In April 2015, Mino appeared in the Mnet rap survival program Show Me the Money 4 as a member of "Team Zipal" competing under Zico and Paloalto. He finished the show as the series runner-up behind rapper Basick. Through the program, Mino released numerous singles including Fear, Turtle Ship, Moneyflow, and Okey Dokey. Namely, the single "Fear", featuring labelmate senior Big Bang's Taeyang, went on to becoming one of the best-selling singles of the year, as well as the best-selling single ever in any Show Me the Money series. "Fear" went on to earning Mino the Discovery of the Year (Hip Hop) award at the Gaon Chart K-Pop Awards, and a nomination for the Hot Trend Award at the MelOn Music Awards.

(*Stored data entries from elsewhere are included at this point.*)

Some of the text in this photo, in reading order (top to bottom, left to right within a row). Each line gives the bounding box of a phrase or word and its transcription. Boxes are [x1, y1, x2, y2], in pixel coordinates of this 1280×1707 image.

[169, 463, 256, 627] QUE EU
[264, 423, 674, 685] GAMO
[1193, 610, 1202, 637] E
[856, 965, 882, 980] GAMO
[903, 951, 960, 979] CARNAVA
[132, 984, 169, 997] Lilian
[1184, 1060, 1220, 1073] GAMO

In September 2016, Mino and labelmate Bobby of iKon was formed as the project sub-unit, MOBB. Together, they released a four-track single album titled The Mobb, with the double A-side singles, "Full House" and "Hit Me" on September 9. The Hip-hop duo's success earned them the Best Hip-Hop/Rap Artist at the Seoul Music Awards. Ahead of their release, Mino also released the digital single, "Body" on September 8. "Body" peaked at number 13 on the Gaon Digital Chart and number 4 on the Billboard World Digital Songs Chart.

Through the MBC variety program, Infinite Challenge, Mino was cast for the show's "Hip hop & History Special" alongside Zico, Bewhy, Dok2, Gaeko and DinDin. He partnered with the comedian Haha to create a single that fused hip hop with the history of South Korea. Ultimately, that collaboration led to the single "Shoot", which peaked at number 3 on the Gaon Digital chart.

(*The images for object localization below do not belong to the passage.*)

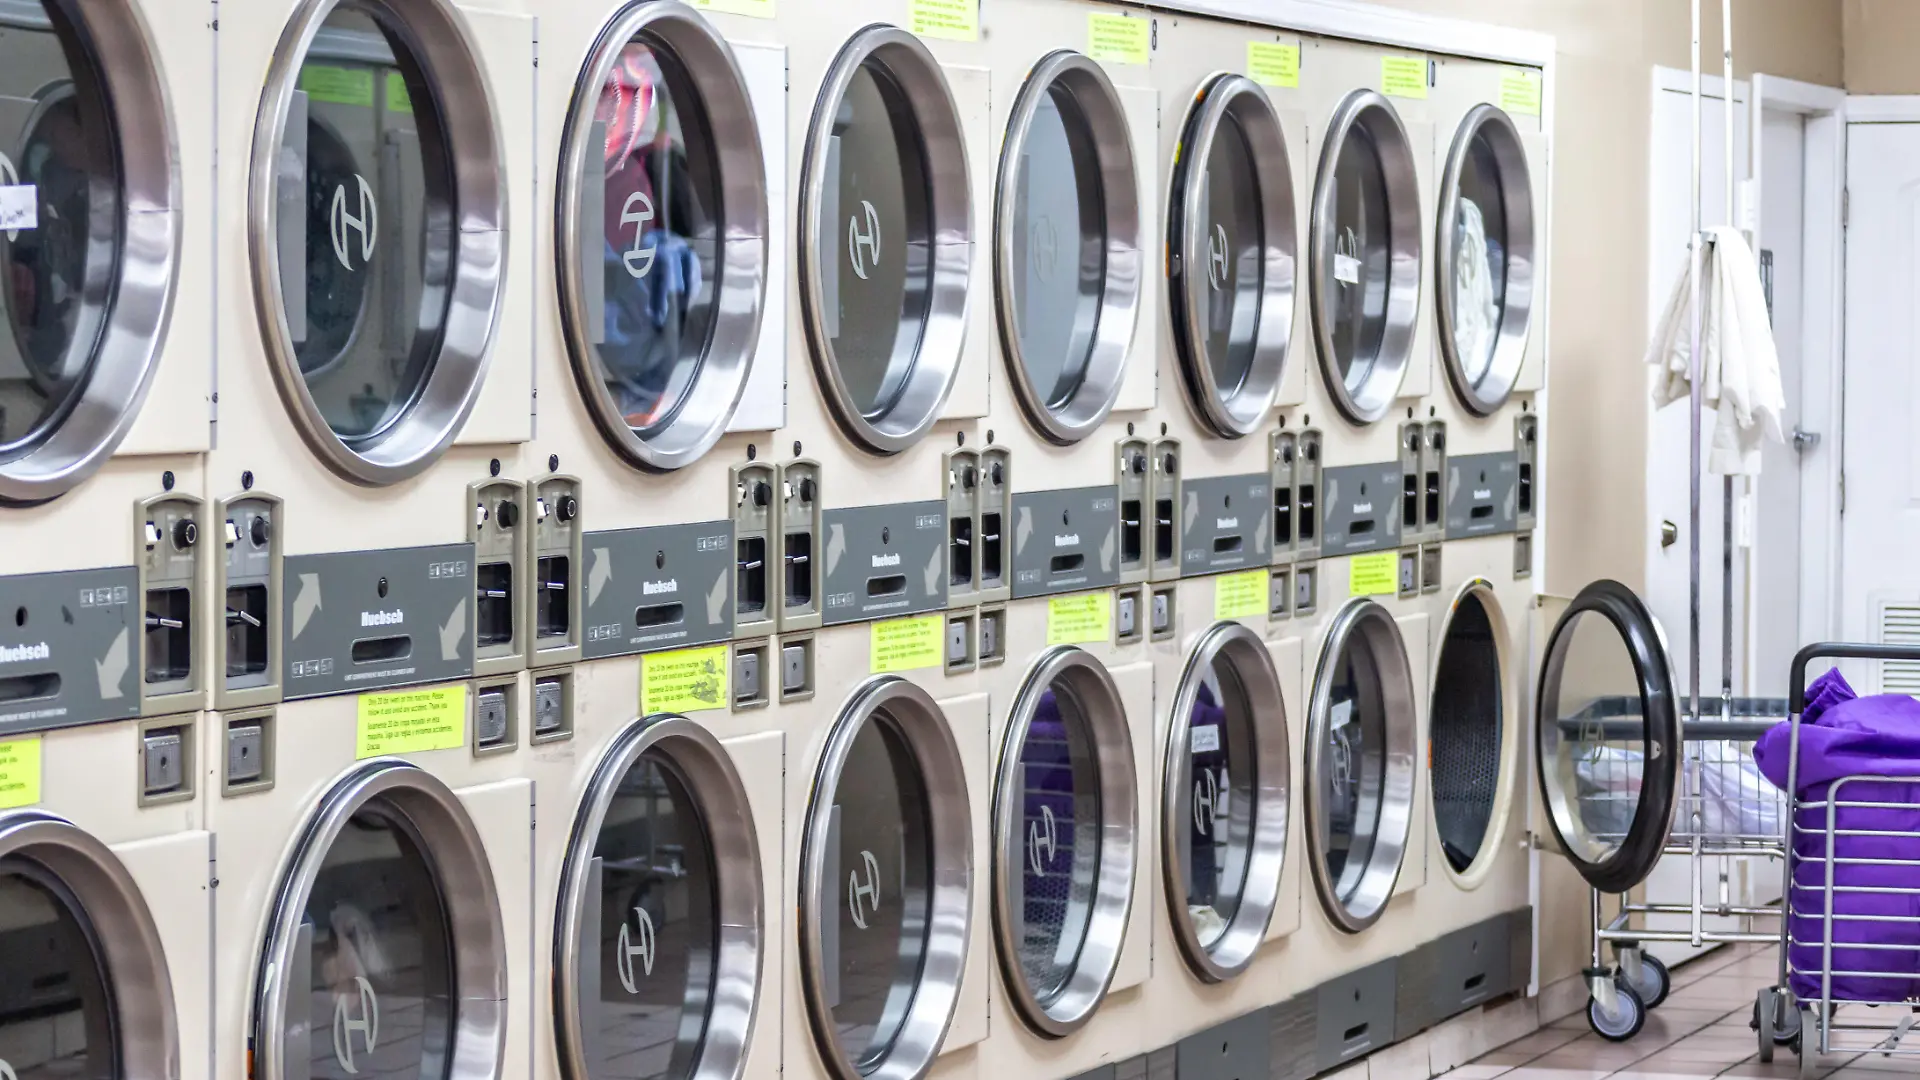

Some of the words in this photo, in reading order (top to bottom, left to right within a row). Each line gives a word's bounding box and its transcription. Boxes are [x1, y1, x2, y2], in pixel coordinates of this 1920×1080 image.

[849, 200, 881, 280] H
[361, 608, 403, 626] Huebsch
[643, 578, 677, 594] Huebsch
[1030, 805, 1055, 877] H
[849, 850, 880, 929] H
[617, 906, 654, 994] H
[333, 976, 378, 1074] H

Outside of music, in January 2017, Mino joined the cast of tvN variety program, New Journey to the West alongside Kyuhyun of Super Junior from season 2.5 onward. His appearance on the show marked his first-ever fixed regular appearance on a television series since his debut. Mino went on to obtaining the infamous names Song Mojiri and Song Garak. On December 5, 2017, Mino appeared on tvN cooking variety program, Kang's Kitchen, a spin-off variety show of New Journey to the West, as a cast member.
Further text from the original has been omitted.